Really, we can always find an excuse when we want one, yes? And I wanted to eat, to "treat" myself, to float downstream like a dead fish. I'm not trying to be hard on myself or anything like that... just being honest. I wanted to NOT make the effort, to coast, to relax.
And where did that get me?? Farther from my goals, not closer. So.... like I said before, I am striving to get back to that determined place. It's been tough reigning in the relaxed attitude! But there is no other choice. Easy gets me no where. Easy will get me back to over 400 lbs. Easy will take me where I do NOT want to go.
I was thinking... when I say stuff like that, I wonder if I make it sound like all we have to do is snap our fingers and voila! Just make that little choice and it's easy peasy. All this stuff is easy enough to say, but the implementation is another story. Some days it's a minute by minute battle.
And after last weeks battle... I am reminded that for me, it's about Grace. Now... please don't go busting my chops for my less than scholarly definition. But this is what Grace means to ME: that when I was down, in despair, empty and powerless, saying "oh what's the point"... God comes along and reminds me that He would never give up on me. That I was given the gift of Choice. And even when it doesn't "feel" like I can... I can.
That for me, it's almost always not a matter of "I can't". But rather, it's a matter of "I won't".
To me, Grace is what I'm given when I haven't earned it... it's a gift. It's what I need in the moment. It's given out of love and compassion, knowing that I need help. It's a reminder that "I CAN do all things through Him who gives me strength."
It's my God replacing my jellyfish of a backbone with one of steel. It's my God replacing my wimpy wishy-washy will with a fiery determination that just won't accept no as an answer!
I think I'd like to make a new goal for October... and work on the healthy behaviors that will include, as a side-effect, weight loss.

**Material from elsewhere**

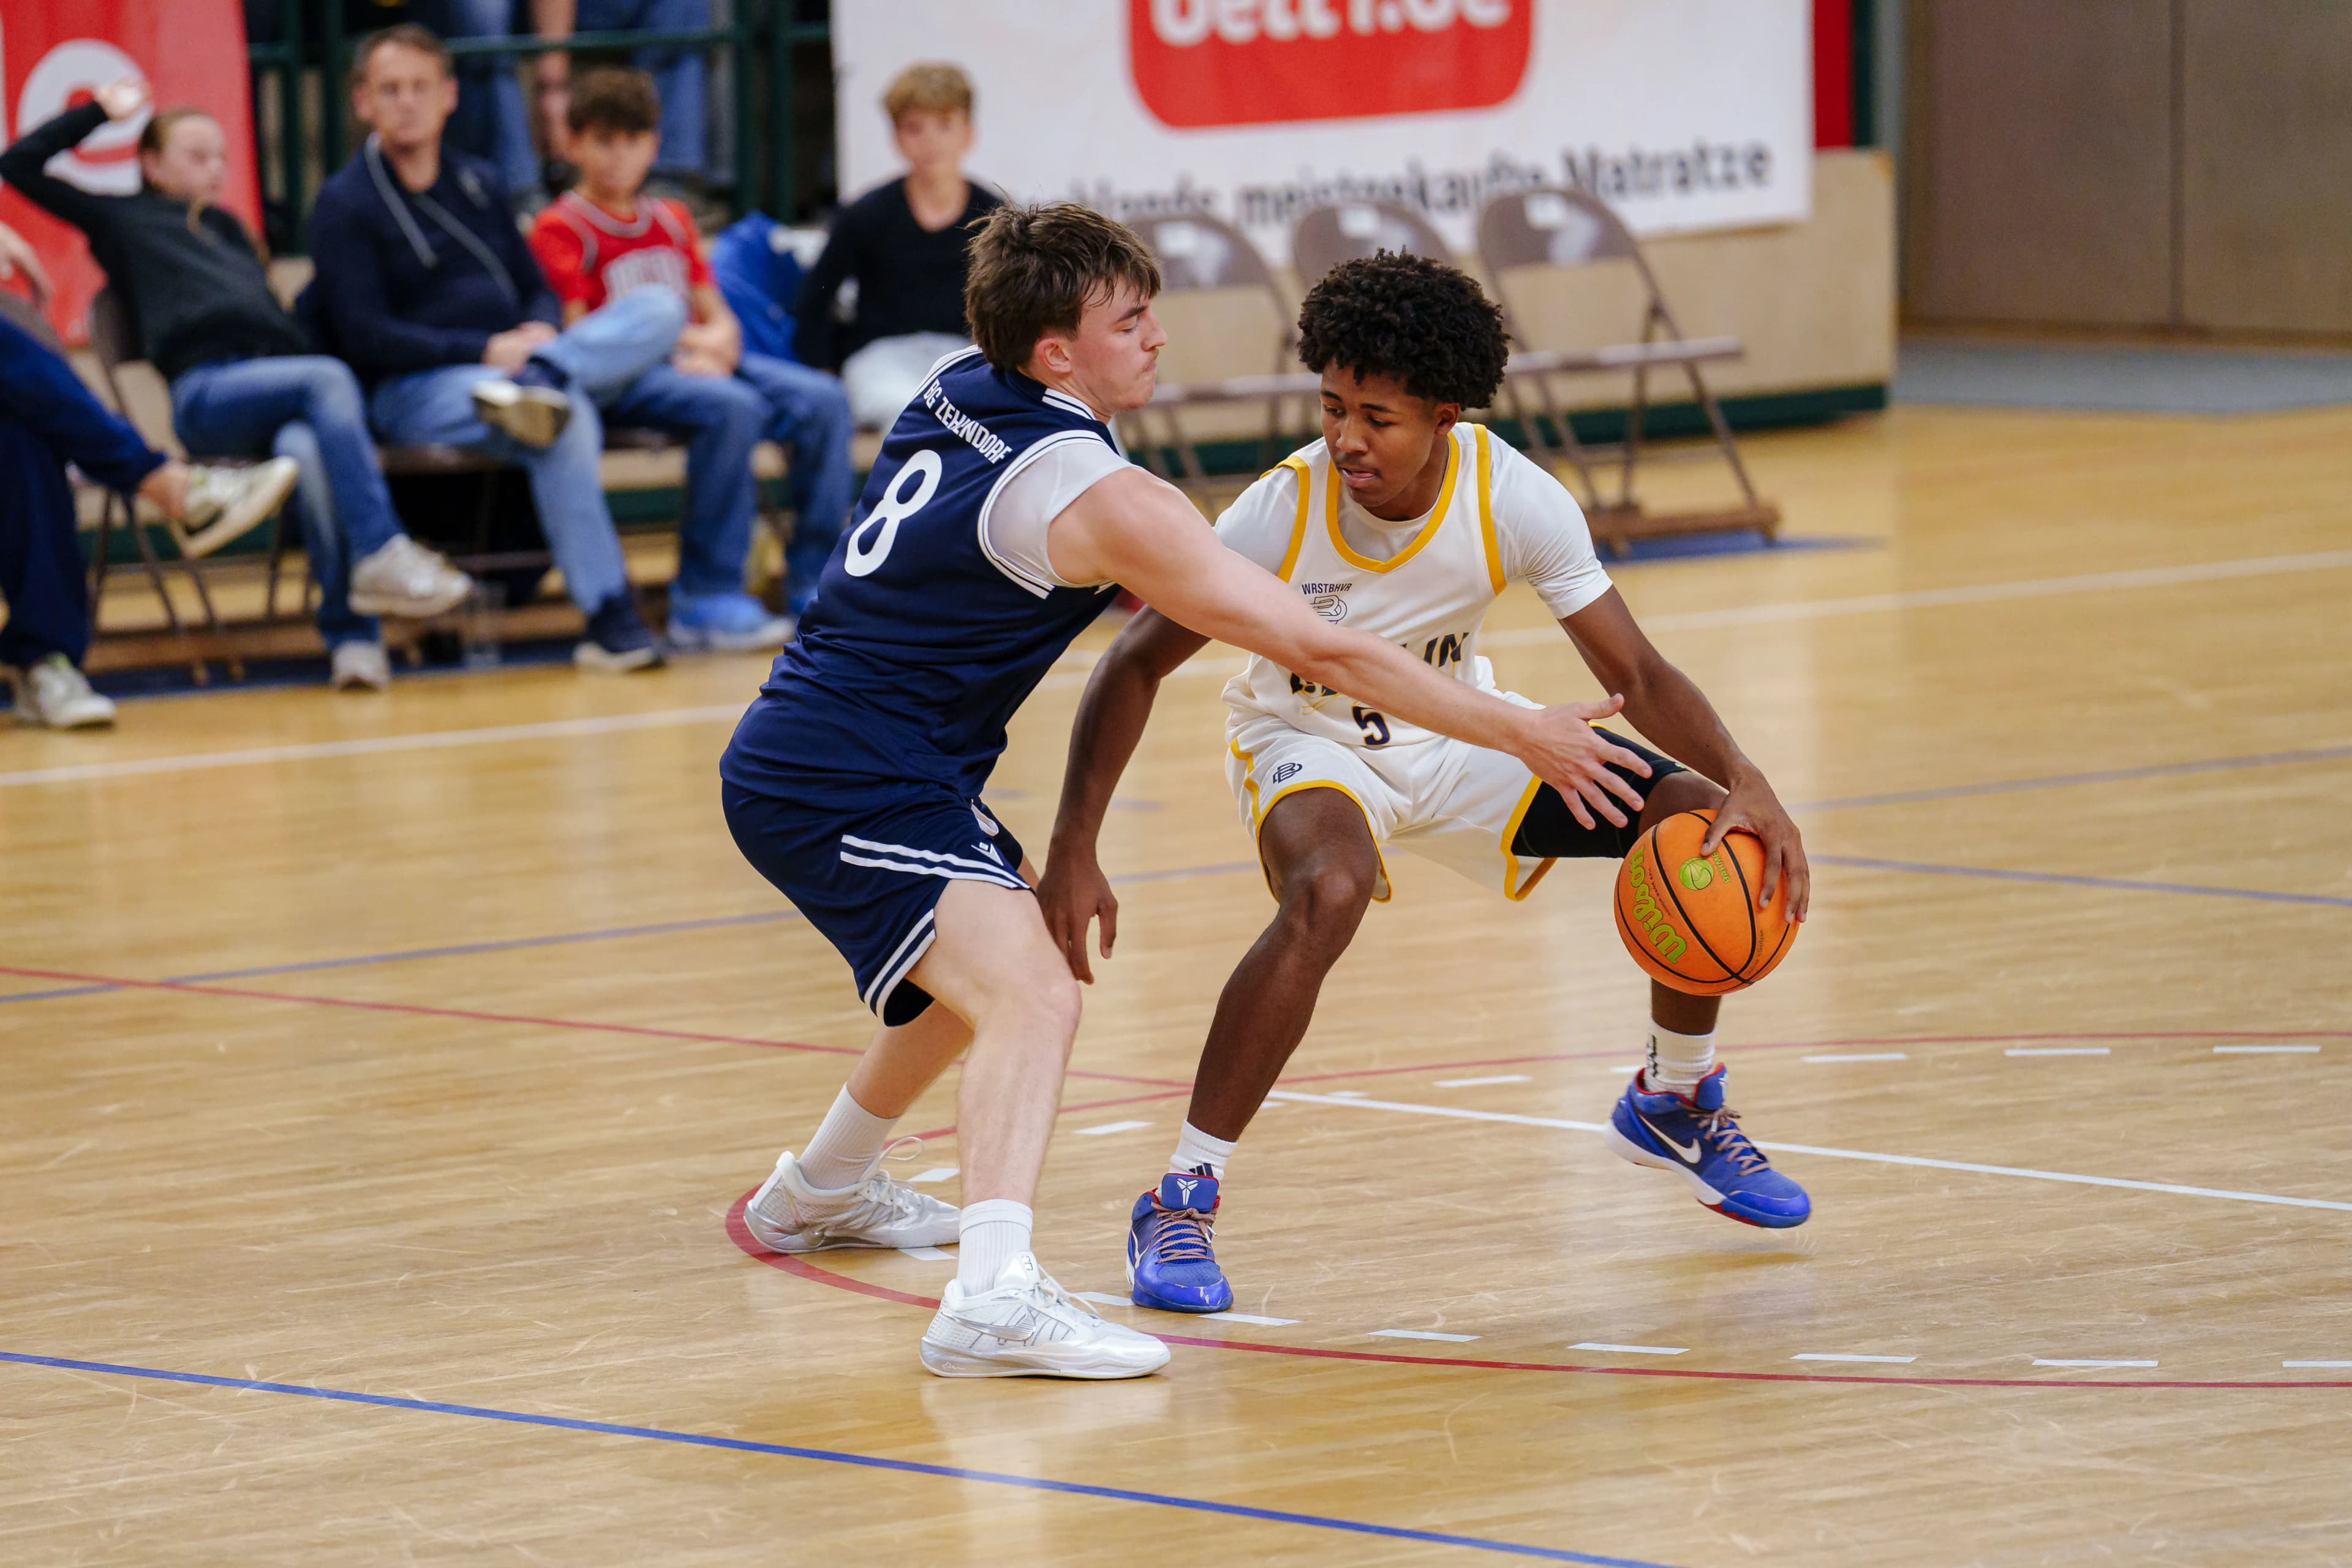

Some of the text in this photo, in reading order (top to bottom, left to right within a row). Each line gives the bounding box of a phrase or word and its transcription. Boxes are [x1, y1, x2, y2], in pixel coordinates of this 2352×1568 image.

Hopefully, a good sized chunk, LOL! I plan to put up a countdown clock in the sidebar when I decide on the new goal. In the meantime, I am continuing on, with an optimistic spirit, and a grateful heart.
Optimistic that I can become healthier, lighter and stronger.
And grateful for Grace.
From Dr Phil's book: "Whatever the situation, you can choose your reaction."
My verse for today: "But by the grace of God I am what I am, and his grace to me was not without effect. No, I worked harder than all of them - yet not I, but the grace of God that was with me."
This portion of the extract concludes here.